Transferring the flexor digitorum superficialis, flexor carpi ulnaris, or flexor carpi radialis tendons to the extensor digitorum communis may be a solution to restore extension of the metacarpophalangeal joints of the fingers. In a study by Yavari et al. [30], a single tendon transfer from the flexor carpi ulnaris to the common extensor digitorum and extensor pollicis longus was performed on 30 subjects. Ternary tendon transfer from the pronator teres to the extensor carpi radialis brevis, from the flexor carpi ulnaris to the common extensor digitorum and from the palmaris longus to the extensor pollicis longus was applied to another 17 patients. There was no significant difference between the results of single tendon and ternary tendon transfer surgery after 1 month of postoperative splinting and physiotherapy. In the current study, ternary tendon transfer was used rather than single tendon transfer, so there was no comparison. The majority of the Syrian patients regained their preinjury occupational ability. We believe that these patients fought as guerrillas with high motivation and that there was no regular army. In fact, some of the patients who were treated went to war again and were injured again. The most important point of the current study was that with the application of immediate tendon transfer surgery, a considerable amount of wrist extension was regained.

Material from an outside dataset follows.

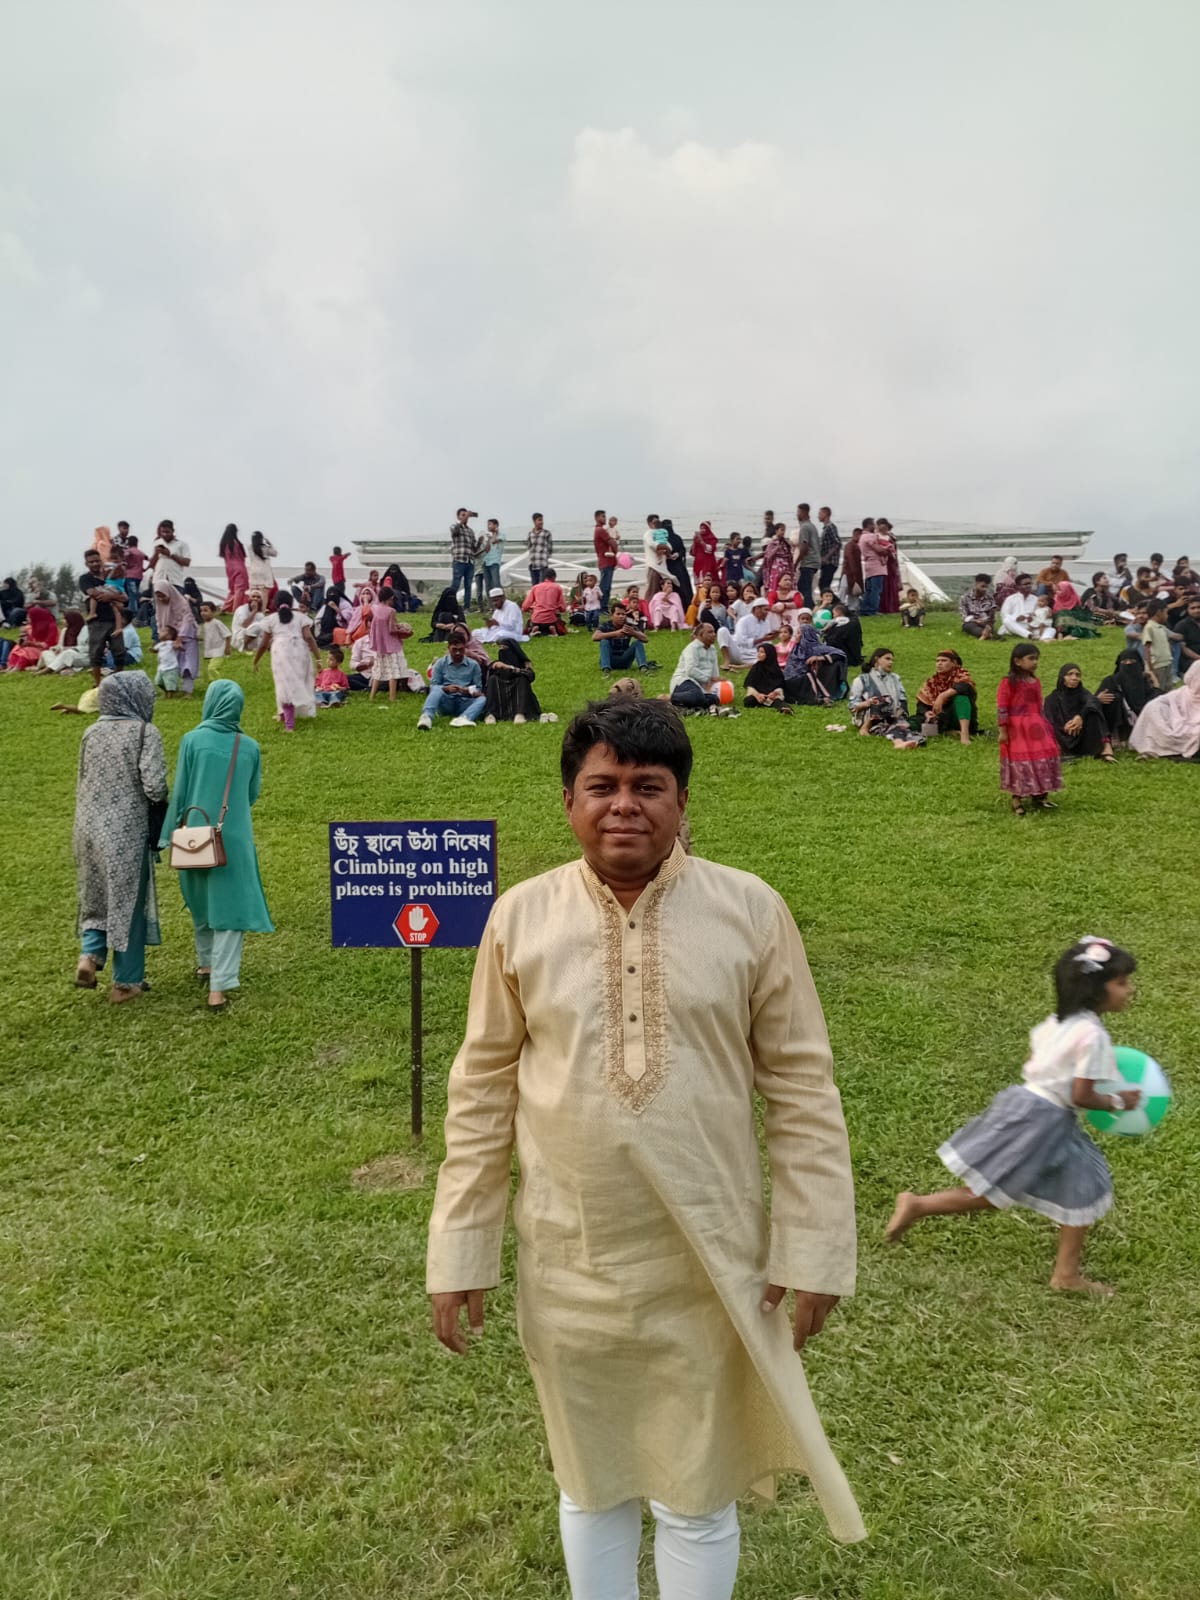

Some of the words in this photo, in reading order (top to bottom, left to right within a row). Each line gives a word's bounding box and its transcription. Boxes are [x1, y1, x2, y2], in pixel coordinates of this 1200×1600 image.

There were some limitations to this study. Long-term follow-up of most patients was not possible because they were from Syria and had no long-term address; thus, they were lost after discharge.

Conclusion

In conclusion, the present surgical applications to patients from the Syrian War showed that all patients regained thumb abduction up to approximately 60°. All patients regained the ability to bend the wrist and to grip, and they could extend the fingers in wrist flexion, neutral wrist, and wrist extension positions. To the best of our knowledge, this is the first study to have presented results on radial nerve injuries that occurred in the Syrian Civil War. Radial nerve injuries can vary in terms of whether they were caused by armed conflict or by accident. In the current study, injuries due to gunshot or cutting tool wounds were more frequently observed than injuries due to humerus fracture, which are more common in accidental injuries. In patients with radial nerve injury due to war, successful results can be obtained with tendon transfer surgery. Despite the varying causes of radial injury, the postoperative outcomes were good, and the rehabilitation period progressed successfully in patients who underwent tendon repair within 90 days of the injury.